The Primary Types of Life Insurance & How Their Cost is Determined
There are many forms of life insurance policies available to a potential policyholder but all life insurance policies will always fall under two different categories: Term Life Insurance - these types of policies are only active for a specified amount of time of your life, called a "term". When the term ends, so does the policy. Payout only occurs should the insured die sometime within the policies defined term.
There are many forms of life insurance policies available to a potential policyholder but all life insurance policies will always fall under two different categories:
Term Life Insurance - these types of policies are only active for a specified amount of time of your life, called a "term". When the term ends, so does the policy. Payout only occurs should the insured die sometime within the policies defined term. This type of life insurance is best used for temporary or shorter term needs: 20-year mortgage, college education costs for children, and helping to support children and assist with family income needs should one of the parents die.
Permanent Life Insurance - this type of policy covers you for your entire life and will pay death benefits when you eventually die. This type of insurance policy is best for "permanent" related needs: burial fees, estate taxes, providing income for a spouse, etc.
Whichever type of insurance policy you choose, there are two factors that determine its cost: Mortality Cost and Policy Expense Cost.
Policy Expense Cost is the cost of insurance company expenses such as office rent, utilities, general staff, and agent commissions. Depending on the type of policy you purchase, this fee can either remain constant or fluctuate throughout your policy's lifespan.
Mortality Cost is determined by the odds of the insured dying at that particular moment. Obviously, the odds of the insured dying increase exponentially with age. To avoid an ever increasing insurance premium that correlates directly with the insured's aging, insurance companies average the increase and adjust the early premium payments accordingly. Essentially, you are paying an inflated premium when the insured is younger and a much lower premium as the insured individual ages, but the actual payment remains constant. This overpayment is called "cash value" and must be reimbursed to the policyholder should he or she cancel an existing permanent life insurance policy early. It is important to note that Term Insurance premiums increase with the policy holder's age but they will never accrue a "cash value". When a Term Insurance policy is terminated early, there is no refund for overpayment due from the insurer.
Additional life insurance terms you should know:
Beneficiary - This is the person or organization to whom the insurer will pay proceeds to should the insured die. This could be your husband/wife, or your spouse. It could also be your children or a perhaps your favorite charity.
Primary Beneficiary - This is the person or organization that will be paid upon the insurer's death.
Contingent Beneficiary - This is the person or organization to which the proceeds will be paid to should the Primary Beneficiary be dead or no longer exist (such as a company or corporation named as the Primary Beneficiary). If no Contingent Beneficiary was named in the policy, proceeds will be paid to the Primary Beneficiary's estate.
Face Amount - This is the amount of money payable at time of death. It is usually found on the first page of every Life Insurance policy, whether it's a Term or Permanent policy.

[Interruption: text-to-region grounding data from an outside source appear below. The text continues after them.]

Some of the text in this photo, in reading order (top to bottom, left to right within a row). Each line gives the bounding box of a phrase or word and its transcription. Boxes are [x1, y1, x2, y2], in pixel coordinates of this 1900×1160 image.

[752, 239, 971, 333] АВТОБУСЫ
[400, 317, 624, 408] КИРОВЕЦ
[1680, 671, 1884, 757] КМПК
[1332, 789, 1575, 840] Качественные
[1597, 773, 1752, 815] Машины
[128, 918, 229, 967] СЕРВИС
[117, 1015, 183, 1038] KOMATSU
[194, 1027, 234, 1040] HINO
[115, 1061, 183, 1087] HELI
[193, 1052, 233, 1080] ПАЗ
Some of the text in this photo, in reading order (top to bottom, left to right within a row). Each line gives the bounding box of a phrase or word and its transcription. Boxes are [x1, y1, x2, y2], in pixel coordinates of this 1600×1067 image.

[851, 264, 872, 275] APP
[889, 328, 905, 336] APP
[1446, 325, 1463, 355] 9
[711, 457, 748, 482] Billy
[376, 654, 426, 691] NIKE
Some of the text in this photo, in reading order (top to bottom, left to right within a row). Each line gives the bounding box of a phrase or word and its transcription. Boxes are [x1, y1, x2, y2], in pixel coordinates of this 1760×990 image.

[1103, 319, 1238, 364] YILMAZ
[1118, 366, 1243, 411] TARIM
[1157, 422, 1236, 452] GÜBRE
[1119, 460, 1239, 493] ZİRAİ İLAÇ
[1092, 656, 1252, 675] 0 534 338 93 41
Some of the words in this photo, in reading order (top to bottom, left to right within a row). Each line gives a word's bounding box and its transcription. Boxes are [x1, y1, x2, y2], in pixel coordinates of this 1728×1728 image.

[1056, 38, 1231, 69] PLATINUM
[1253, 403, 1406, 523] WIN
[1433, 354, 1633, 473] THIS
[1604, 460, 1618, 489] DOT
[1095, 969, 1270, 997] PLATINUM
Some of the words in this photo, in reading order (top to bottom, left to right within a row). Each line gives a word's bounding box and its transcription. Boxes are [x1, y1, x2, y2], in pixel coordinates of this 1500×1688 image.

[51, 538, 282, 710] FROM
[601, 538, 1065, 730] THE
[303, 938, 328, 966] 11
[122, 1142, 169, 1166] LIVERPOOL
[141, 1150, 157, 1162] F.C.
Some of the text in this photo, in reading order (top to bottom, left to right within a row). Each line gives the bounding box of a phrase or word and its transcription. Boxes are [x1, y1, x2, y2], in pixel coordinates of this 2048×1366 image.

Purchase Options - These are options that can be purchased throughout the life of the policy regardless of the insured's health. A good example of a purchase option is allowing the policyholder to increase the amount of the policy without having to re-evaluate the health of the insured.
Waiver of Premium - This is an optional coverage that permanently suspends your premium in the event that you are disabled. However, you must first be disabled for six months before the waiver takes effect. Additionally, this option is quite expensive and may not be necessary should the insured have substantial disability coverage.